Exercise:
Would you return all of this data exactly, leaving nothing out?

[Extracted records]
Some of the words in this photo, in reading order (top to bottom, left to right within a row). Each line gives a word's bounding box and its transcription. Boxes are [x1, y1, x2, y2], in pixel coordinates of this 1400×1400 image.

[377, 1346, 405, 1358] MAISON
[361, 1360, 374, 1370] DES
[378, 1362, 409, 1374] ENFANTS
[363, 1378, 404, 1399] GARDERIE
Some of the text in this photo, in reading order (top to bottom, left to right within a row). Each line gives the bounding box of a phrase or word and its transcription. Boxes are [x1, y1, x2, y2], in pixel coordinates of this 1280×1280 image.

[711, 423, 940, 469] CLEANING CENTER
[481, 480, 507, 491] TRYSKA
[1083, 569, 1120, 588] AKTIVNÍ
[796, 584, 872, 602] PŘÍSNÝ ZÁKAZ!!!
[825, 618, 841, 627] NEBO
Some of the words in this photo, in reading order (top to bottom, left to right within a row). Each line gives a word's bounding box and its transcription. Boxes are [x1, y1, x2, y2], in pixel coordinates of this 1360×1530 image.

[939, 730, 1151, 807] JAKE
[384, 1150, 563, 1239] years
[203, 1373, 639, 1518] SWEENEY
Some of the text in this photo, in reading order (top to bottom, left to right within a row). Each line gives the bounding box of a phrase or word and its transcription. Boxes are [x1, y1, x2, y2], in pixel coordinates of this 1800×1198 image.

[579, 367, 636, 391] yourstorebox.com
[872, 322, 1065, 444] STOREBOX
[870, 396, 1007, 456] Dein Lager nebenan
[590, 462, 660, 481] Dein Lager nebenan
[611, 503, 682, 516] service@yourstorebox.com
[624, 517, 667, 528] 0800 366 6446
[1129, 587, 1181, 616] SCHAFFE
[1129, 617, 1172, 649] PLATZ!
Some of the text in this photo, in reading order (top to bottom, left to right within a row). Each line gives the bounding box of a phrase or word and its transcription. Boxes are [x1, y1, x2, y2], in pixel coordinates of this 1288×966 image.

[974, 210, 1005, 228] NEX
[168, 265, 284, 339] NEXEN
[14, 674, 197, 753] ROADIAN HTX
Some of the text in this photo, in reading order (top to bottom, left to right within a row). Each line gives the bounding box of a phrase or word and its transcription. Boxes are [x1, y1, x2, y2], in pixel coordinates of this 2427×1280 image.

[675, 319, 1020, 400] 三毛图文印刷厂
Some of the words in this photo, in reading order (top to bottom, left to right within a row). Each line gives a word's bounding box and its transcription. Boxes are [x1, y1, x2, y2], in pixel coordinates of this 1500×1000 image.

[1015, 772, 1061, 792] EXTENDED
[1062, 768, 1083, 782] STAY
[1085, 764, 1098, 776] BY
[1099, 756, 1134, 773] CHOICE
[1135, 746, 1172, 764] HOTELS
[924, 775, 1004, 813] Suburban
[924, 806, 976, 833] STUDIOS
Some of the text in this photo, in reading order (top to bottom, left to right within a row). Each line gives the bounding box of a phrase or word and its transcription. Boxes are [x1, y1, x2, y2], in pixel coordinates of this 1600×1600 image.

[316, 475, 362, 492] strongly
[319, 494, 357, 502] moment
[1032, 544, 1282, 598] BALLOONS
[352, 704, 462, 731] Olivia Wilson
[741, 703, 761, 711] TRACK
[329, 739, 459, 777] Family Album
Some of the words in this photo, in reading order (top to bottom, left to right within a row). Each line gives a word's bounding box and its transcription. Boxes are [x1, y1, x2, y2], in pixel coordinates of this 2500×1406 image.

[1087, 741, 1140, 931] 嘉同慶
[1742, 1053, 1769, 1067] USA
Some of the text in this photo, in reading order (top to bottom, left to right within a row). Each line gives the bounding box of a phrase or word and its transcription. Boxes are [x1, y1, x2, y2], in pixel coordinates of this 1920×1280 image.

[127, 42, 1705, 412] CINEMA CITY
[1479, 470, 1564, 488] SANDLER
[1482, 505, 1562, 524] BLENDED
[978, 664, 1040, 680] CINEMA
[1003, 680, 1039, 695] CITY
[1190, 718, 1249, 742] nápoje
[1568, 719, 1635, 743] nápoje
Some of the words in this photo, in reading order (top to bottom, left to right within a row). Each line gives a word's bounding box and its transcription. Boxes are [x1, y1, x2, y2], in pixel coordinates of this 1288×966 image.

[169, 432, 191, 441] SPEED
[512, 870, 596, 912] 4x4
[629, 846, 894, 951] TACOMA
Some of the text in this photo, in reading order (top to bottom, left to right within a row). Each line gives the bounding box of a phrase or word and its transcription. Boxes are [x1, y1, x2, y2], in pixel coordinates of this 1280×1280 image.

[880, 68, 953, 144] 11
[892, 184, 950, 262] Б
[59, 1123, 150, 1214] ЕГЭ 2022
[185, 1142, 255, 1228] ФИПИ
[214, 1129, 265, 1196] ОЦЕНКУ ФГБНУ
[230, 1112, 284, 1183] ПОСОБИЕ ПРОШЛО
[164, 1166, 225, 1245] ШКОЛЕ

Solution for this problem:
Some of the words in this photo, in reading order (top to bottom, left to right within a row). Each line gives a word's bounding box and its transcription. Boxes are [x1, y1, x2, y2], in pixel coordinates of this 1400×1400 image.

[377, 1346, 405, 1358] MAISON
[361, 1360, 374, 1370] DES
[378, 1362, 409, 1374] ENFANTS
[363, 1378, 404, 1399] GARDERIE
Some of the text in this photo, in reading order (top to bottom, left to right within a row). Each line gives the bounding box of a phrase or word and its transcription. Boxes are [x1, y1, x2, y2], in pixel coordinates of this 1280×1280 image.

[711, 423, 940, 469] CLEANING CENTER
[481, 480, 507, 491] TRYSKA
[1083, 569, 1120, 588] AKTIVNÍ
[796, 584, 872, 602] PŘÍSNÝ ZÁKAZ!!!
[825, 618, 841, 627] NEBO
Some of the words in this photo, in reading order (top to bottom, left to right within a row). Each line gives a word's bounding box and its transcription. Boxes are [x1, y1, x2, y2], in pixel coordinates of this 1360×1530 image.

[939, 730, 1151, 807] JAKE
[384, 1150, 563, 1239] years
[203, 1373, 639, 1518] SWEENEY
Some of the text in this photo, in reading order (top to bottom, left to right within a row). Each line gives the bounding box of a phrase or word and its transcription. Boxes are [x1, y1, x2, y2], in pixel coordinates of this 1800×1198 image.

[579, 367, 636, 391] yourstorebox.com
[872, 322, 1065, 444] STOREBOX
[870, 396, 1007, 456] Dein Lager nebenan
[590, 462, 660, 481] Dein Lager nebenan
[611, 503, 682, 516] service@yourstorebox.com
[624, 517, 667, 528] 0800 366 6446
[1129, 587, 1181, 616] SCHAFFE
[1129, 617, 1172, 649] PLATZ!
Some of the text in this photo, in reading order (top to bottom, left to right within a row). Each line gives the bounding box of a phrase or word and its transcription. Boxes are [x1, y1, x2, y2], in pixel coordinates of this 1288×966 image.

[974, 210, 1005, 228] NEX
[168, 265, 284, 339] NEXEN
[14, 674, 197, 753] ROADIAN HTX
Some of the text in this photo, in reading order (top to bottom, left to right within a row). Each line gives the bounding box of a phrase or word and its transcription. Boxes are [x1, y1, x2, y2], in pixel coordinates of this 2427×1280 image.

[675, 319, 1020, 400] 三毛图文印刷厂
Some of the words in this photo, in reading order (top to bottom, left to right within a row). Each line gives a word's bounding box and its transcription. Boxes are [x1, y1, x2, y2], in pixel coordinates of this 1500×1000 image.

[1015, 772, 1061, 792] EXTENDED
[1062, 768, 1083, 782] STAY
[1085, 764, 1098, 776] BY
[1099, 756, 1134, 773] CHOICE
[1135, 746, 1172, 764] HOTELS
[924, 775, 1004, 813] Suburban
[924, 806, 976, 833] STUDIOS
Some of the text in this photo, in reading order (top to bottom, left to right within a row). Each line gives the bounding box of a phrase or word and its transcription. Boxes are [x1, y1, x2, y2], in pixel coordinates of this 1600×1600 image.

[316, 475, 362, 492] strongly
[319, 494, 357, 502] moment
[1032, 544, 1282, 598] BALLOONS
[352, 704, 462, 731] Olivia Wilson
[741, 703, 761, 711] TRACK
[329, 739, 459, 777] Family Album
Some of the words in this photo, in reading order (top to bottom, left to right within a row). Each line gives a word's bounding box and its transcription. Boxes are [x1, y1, x2, y2], in pixel coordinates of this 2500×1406 image.

[1087, 741, 1140, 931] 嘉同慶
[1742, 1053, 1769, 1067] USA
Some of the text in this photo, in reading order (top to bottom, left to right within a row). Each line gives the bounding box of a phrase or word and its transcription. Boxes are [x1, y1, x2, y2], in pixel coordinates of this 1920×1280 image.

[127, 42, 1705, 412] CINEMA CITY
[1479, 470, 1564, 488] SANDLER
[1482, 505, 1562, 524] BLENDED
[978, 664, 1040, 680] CINEMA
[1003, 680, 1039, 695] CITY
[1190, 718, 1249, 742] nápoje
[1568, 719, 1635, 743] nápoje
Some of the words in this photo, in reading order (top to bottom, left to right within a row). Each line gives a word's bounding box and its transcription. Boxes are [x1, y1, x2, y2], in pixel coordinates of this 1288×966 image.

[169, 432, 191, 441] SPEED
[512, 870, 596, 912] 4x4
[629, 846, 894, 951] TACOMA
Some of the text in this photo, in reading order (top to bottom, left to right within a row). Each line gives the bounding box of a phrase or word and its transcription. Boxes are [x1, y1, x2, y2], in pixel coordinates of this 1280×1280 image.

[880, 68, 953, 144] 11
[892, 184, 950, 262] Б
[59, 1123, 150, 1214] ЕГЭ 2022
[185, 1142, 255, 1228] ФИПИ
[214, 1129, 265, 1196] ОЦЕНКУ ФГБНУ
[230, 1112, 284, 1183] ПОСОБИЕ ПРОШЛО
[164, 1166, 225, 1245] ШКОЛЕ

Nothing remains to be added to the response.